Johann Sebastian Bach – h-Moll-Messe in Neuried-Altenheim
23.10., 19h00
Ein Gipfelwerk der Musikgeschichte im Originalklang: Im Oktober bringt die Cappella West Freiburg und ein historisch besetztes Barockorchester Johann Sebastian Bachs monumentale h-Moll-Messe BWV 232 zu Gehör.
Manche Werke sprengen die Grenzen ihrer Gattung und öffnen einen Klangraum von existenzieller Wucht. Johann Sebastian Bachs h-Moll-Messe zählt unbestritten dazu: Gegen Ende seines Lebens schuf der Thomaskantor eine Partitur, die als Quintessenz seines gesamten Schaffens gilt. Aus vollendeter Polyphonie, klangprachtvollem Festjubel und tief empfundener Spiritualität formte er jenen Meilenstein. Vom schmerzhaften Klagegesang des Crucifixus über das strahlende Glanzlicht des Sanctus bis zur erlösenden Friedensbitte des Dona nobis pacem entfaltet sich ein musikalischer Kosmos, der Hörerinnen und Hörer seit Jahrhunderten unmittelbar berührt.
Das Publikum darf sich auf eine Aufführung im Geiste historischer Aufführungspraxis freuen. Ein Orchester auf Originalinstrumenten – bespannt mit Darmsaiten, geführt mit Barockbögen und ergänzt durch historische Holz- und Naturblechbläser – lässt gemeinsam mit hochkarätigen Solostimmen und dem Chor Cappella West Freiburg die unverstellte Klangrede des 18. Jahrhunderts lebendig werden.

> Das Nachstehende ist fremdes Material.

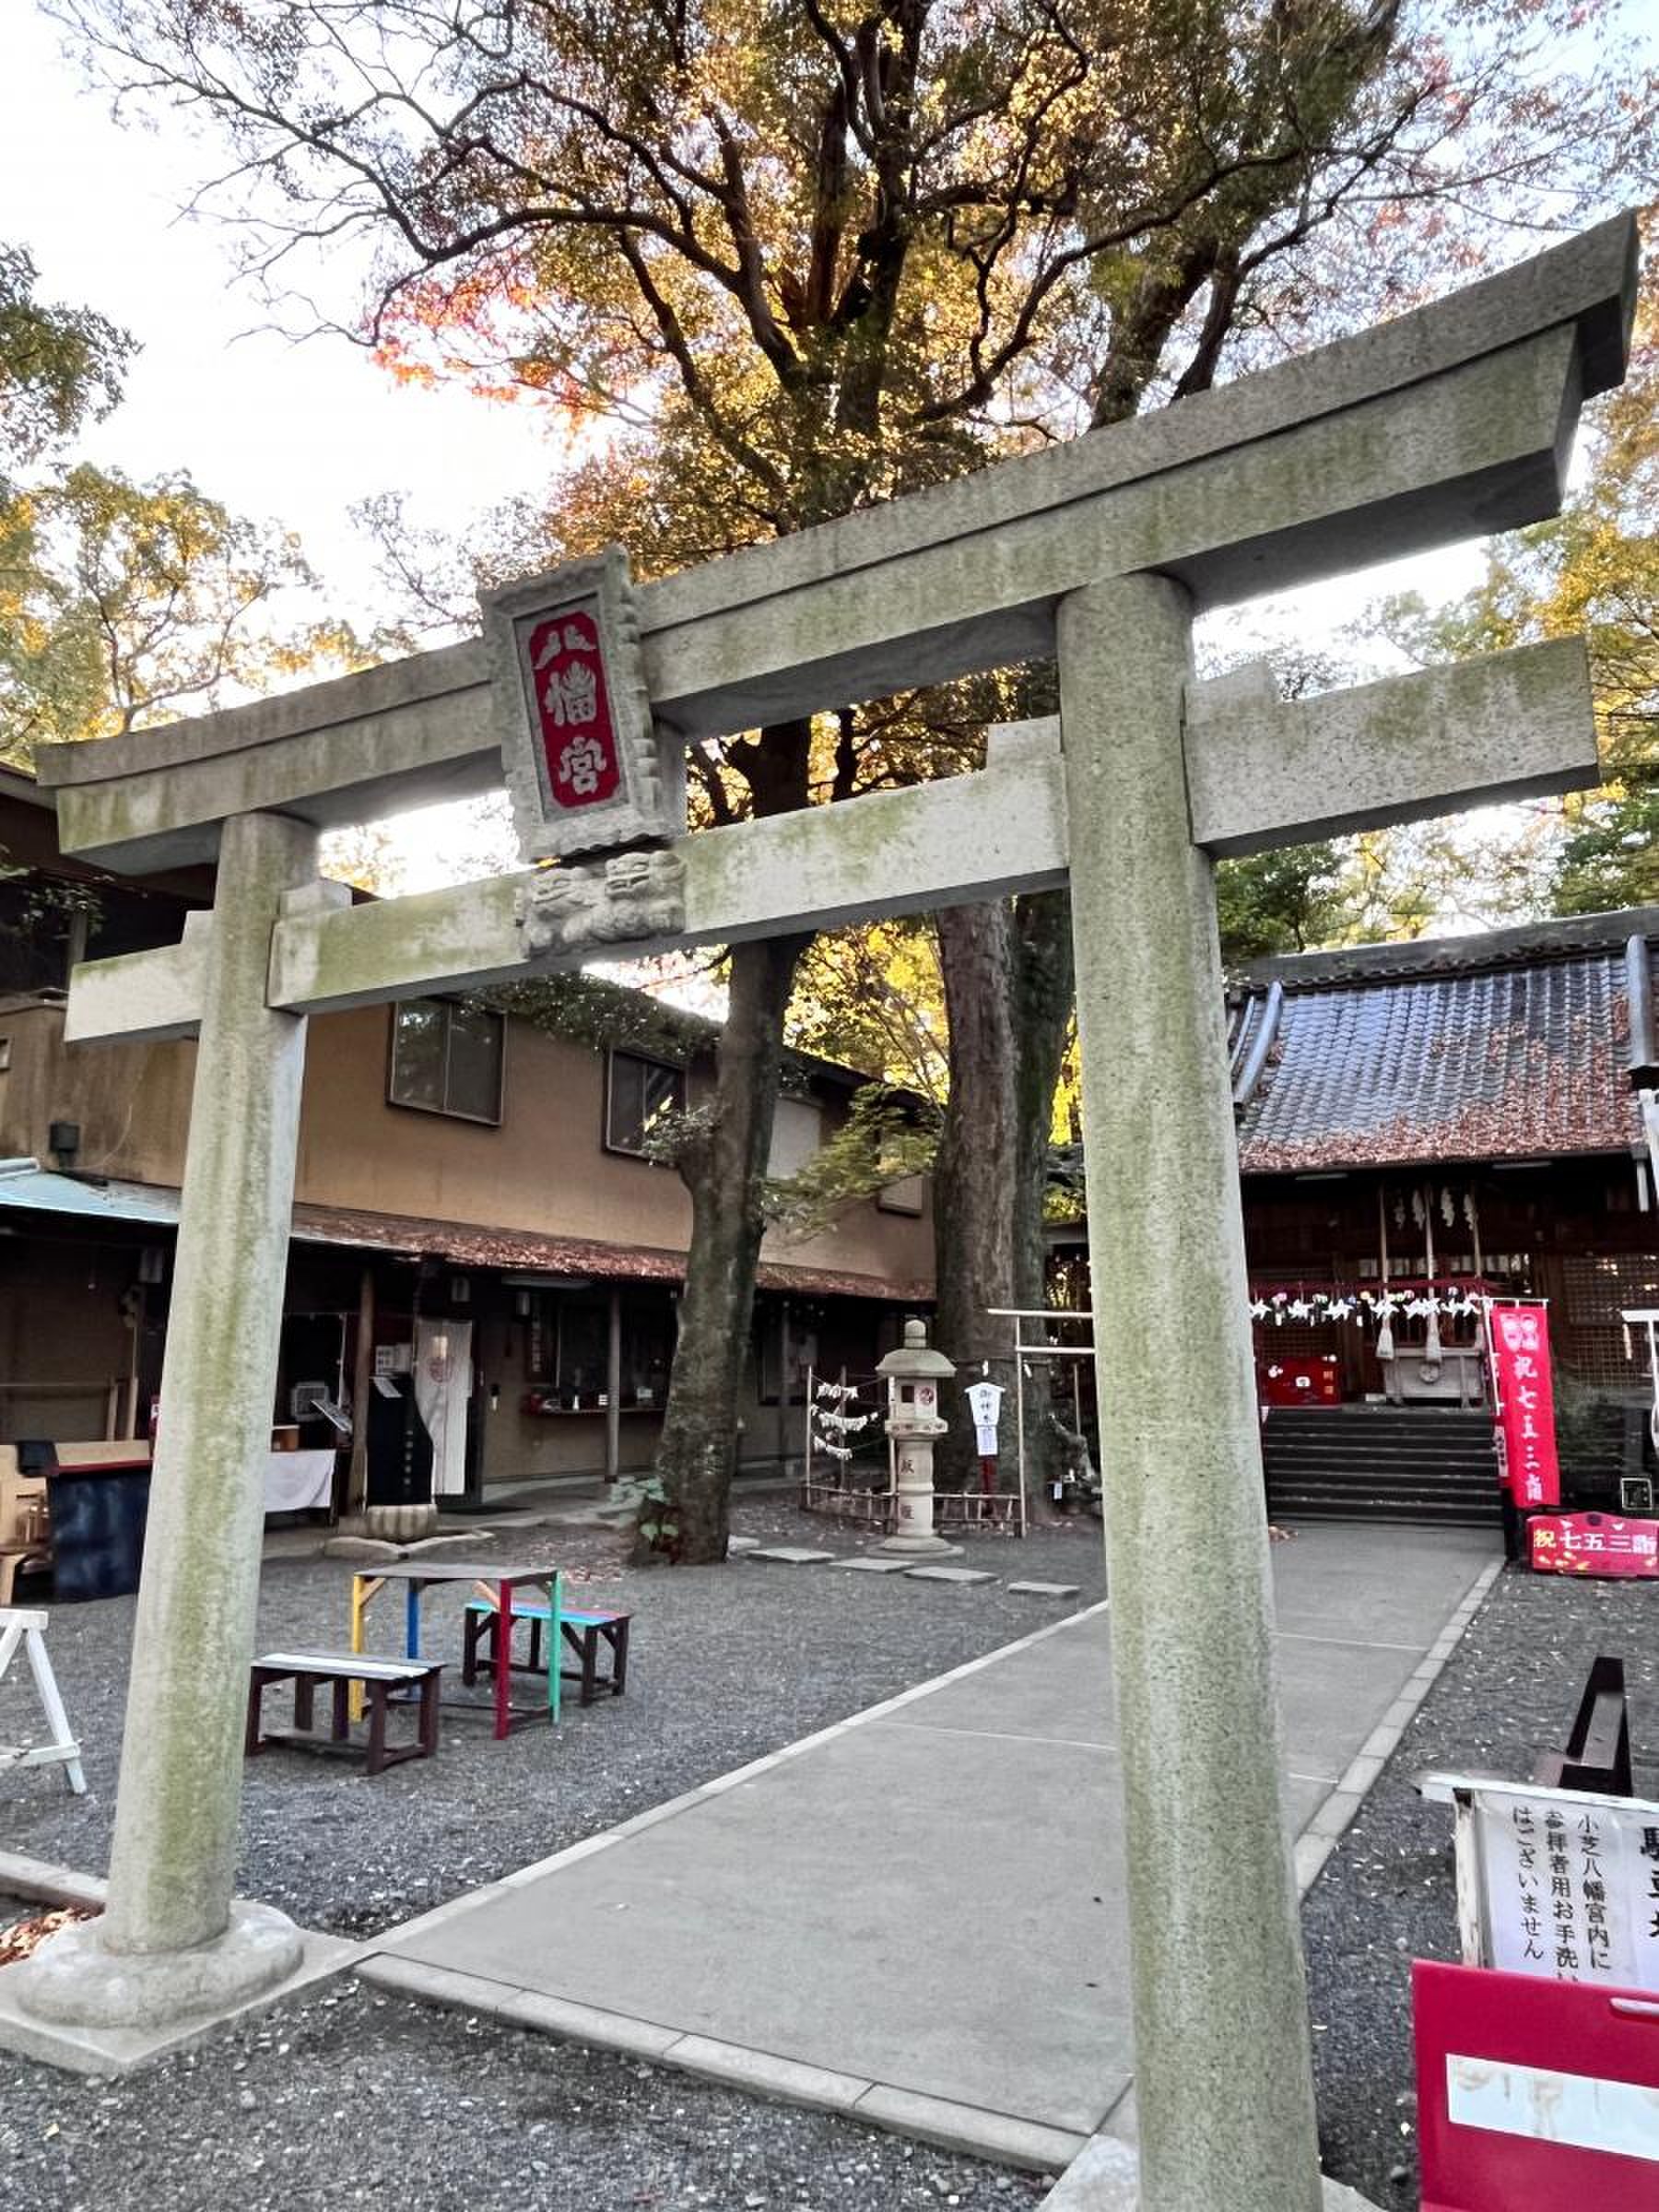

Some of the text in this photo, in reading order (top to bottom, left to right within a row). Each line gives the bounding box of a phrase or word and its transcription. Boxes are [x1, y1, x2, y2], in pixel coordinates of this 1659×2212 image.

[534, 623, 607, 795] 八幡宮
[1512, 1806, 1545, 1960] はございません
[1577, 1814, 1612, 1971] 小芝八幡宮内に

Angeführt wird das Ensemble von dem international bekannten Barockexperten Gottfried von der Goltz als Konzertmeister, der für stilistische Schärfe und interpretatorische Tiefe bürgt, während die künstlerische Gesamtleitung in den Händen von Kantorin Laura Škarnulytė liegt. Eintritt frei – um Spenden wird gebeten.